We have here a conflict between the subjective and the objective—between the individual and his environment. With Kant the moral ideal is regarded as the product of pure reason. With Mill and utilitarianism it is the result of an accumulated experience of pleasure and pain. Yet before accepting this opposition as absolute, and rejecting on or the other system, we must examine the problems which were before the minds of Kant and Mill, that we may be sure they are giving contradictory answers to the same question. It may be that they are not arguing over the same thing, and that the stasis of debate is unclear. If so, we may take comfort in the idea that human reason is not as divided against itself as it sometimes appears at first glance.

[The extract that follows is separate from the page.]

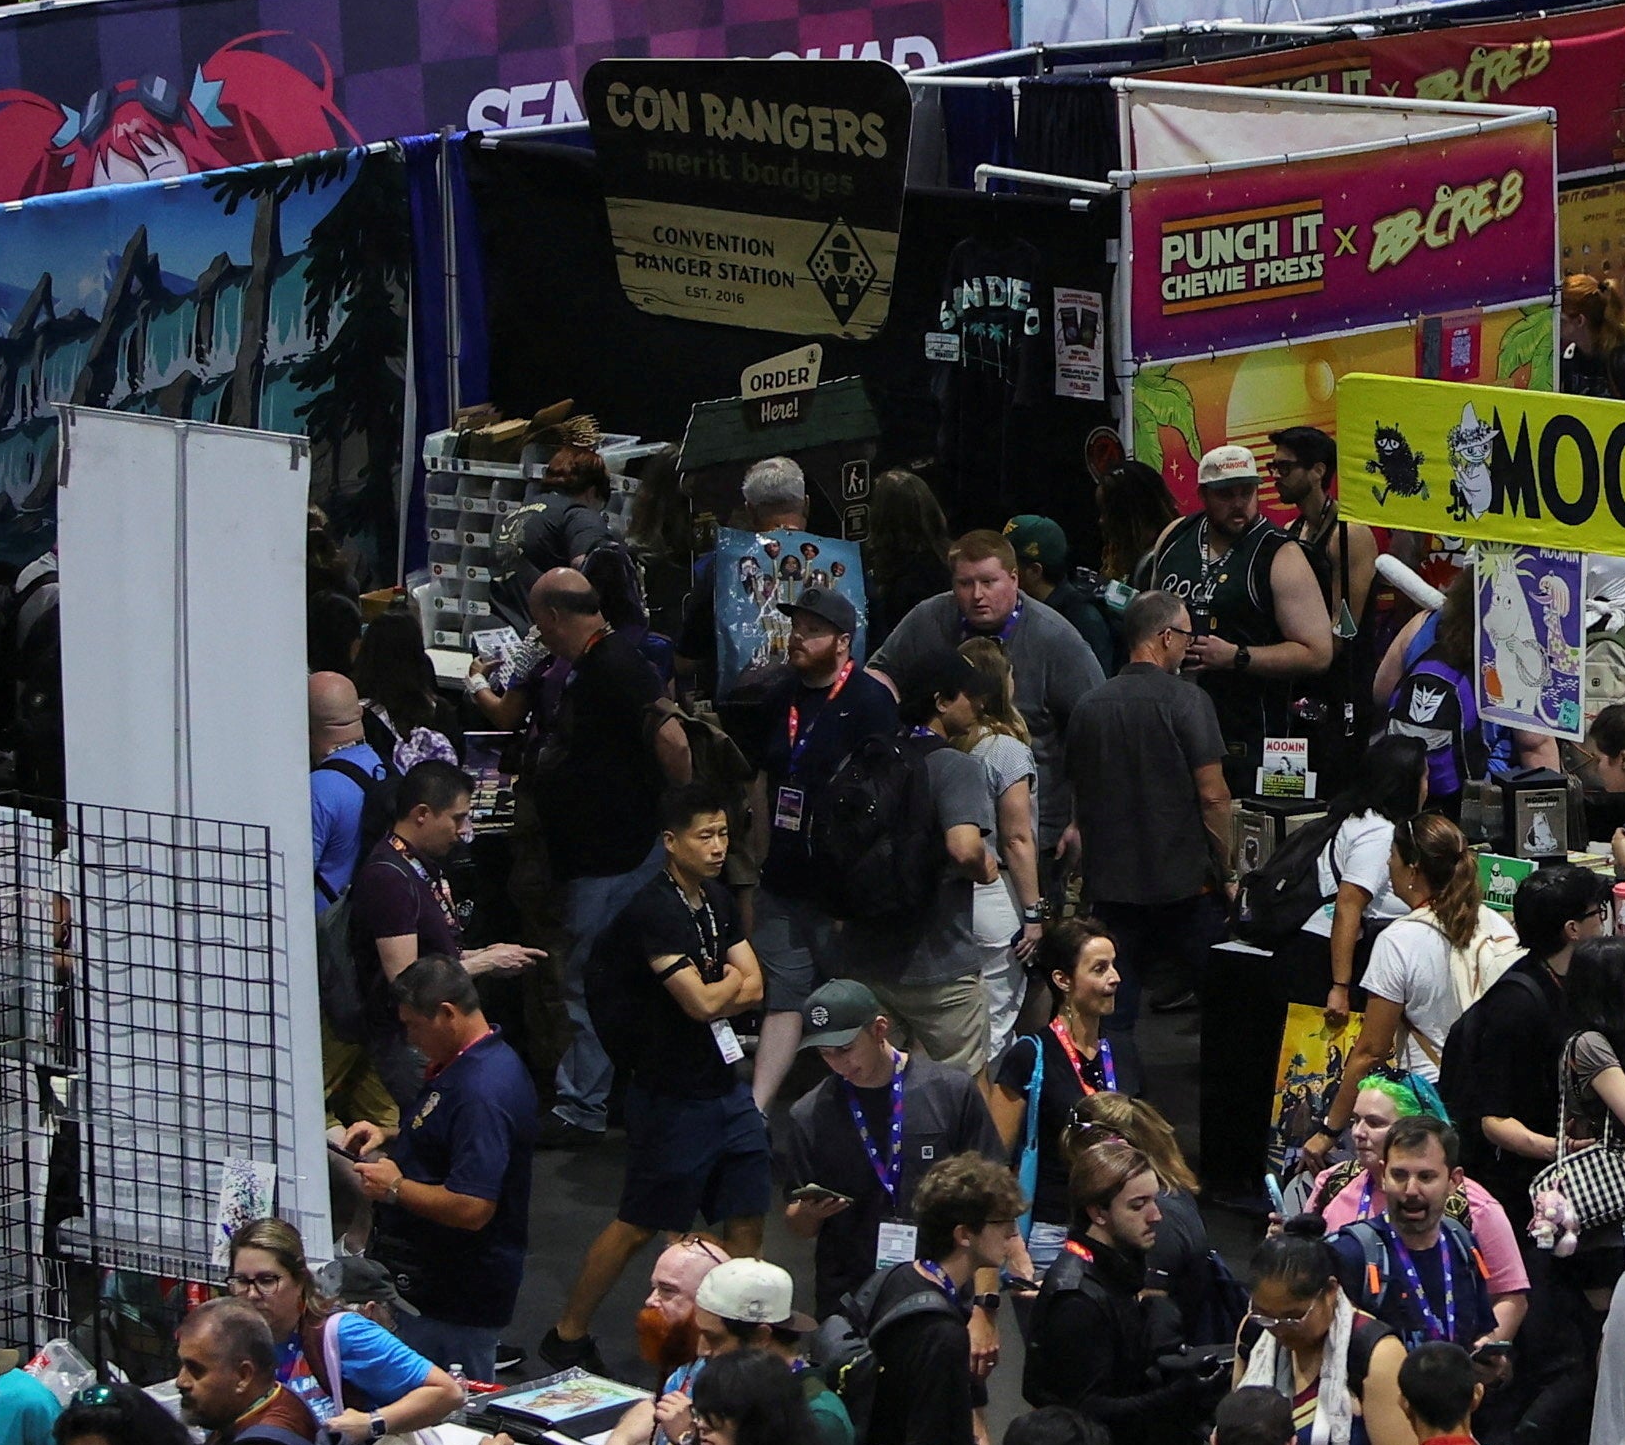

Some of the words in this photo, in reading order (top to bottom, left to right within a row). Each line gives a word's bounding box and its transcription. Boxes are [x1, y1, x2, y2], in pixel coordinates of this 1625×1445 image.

The common, and apparently essential, characteristic which it would seem possible to discover in all forms of Utilitarianism is that moral conduct is estimated by the effects of action, and that the effect which is the moral criterion is the “greatest happiness for the greatest number.” By “greatest happiness” is meant the greatest excess of pleasure over pain, considered in reference either to all sentient beings or to all mankind. Pleasure is to be considered abstractly and purely quantitatively, as if one could hypothetically measure the sum of all hedons and pleasurable experiences. Thus, no question of individuality is considered. One man’s hedons are not only quantitatively different from that of another.

Most importantly, motives have nothing to do in deciding the worth of an action, except if they are useful in the production of pleasure. As Mill puts it, “The morality of an action depends entirely upon the intention—that is, upon what the agents wills to do. But the motive, that is, the feeling which makes him will so to do, when it makes no difference in the act makes none in the morality; though it makes a great difference in our moral estimation of the agent, especially if it indicates a good or bad habitual disposition—a bent of character from which hurtful or form which useful actions are likely to arise.”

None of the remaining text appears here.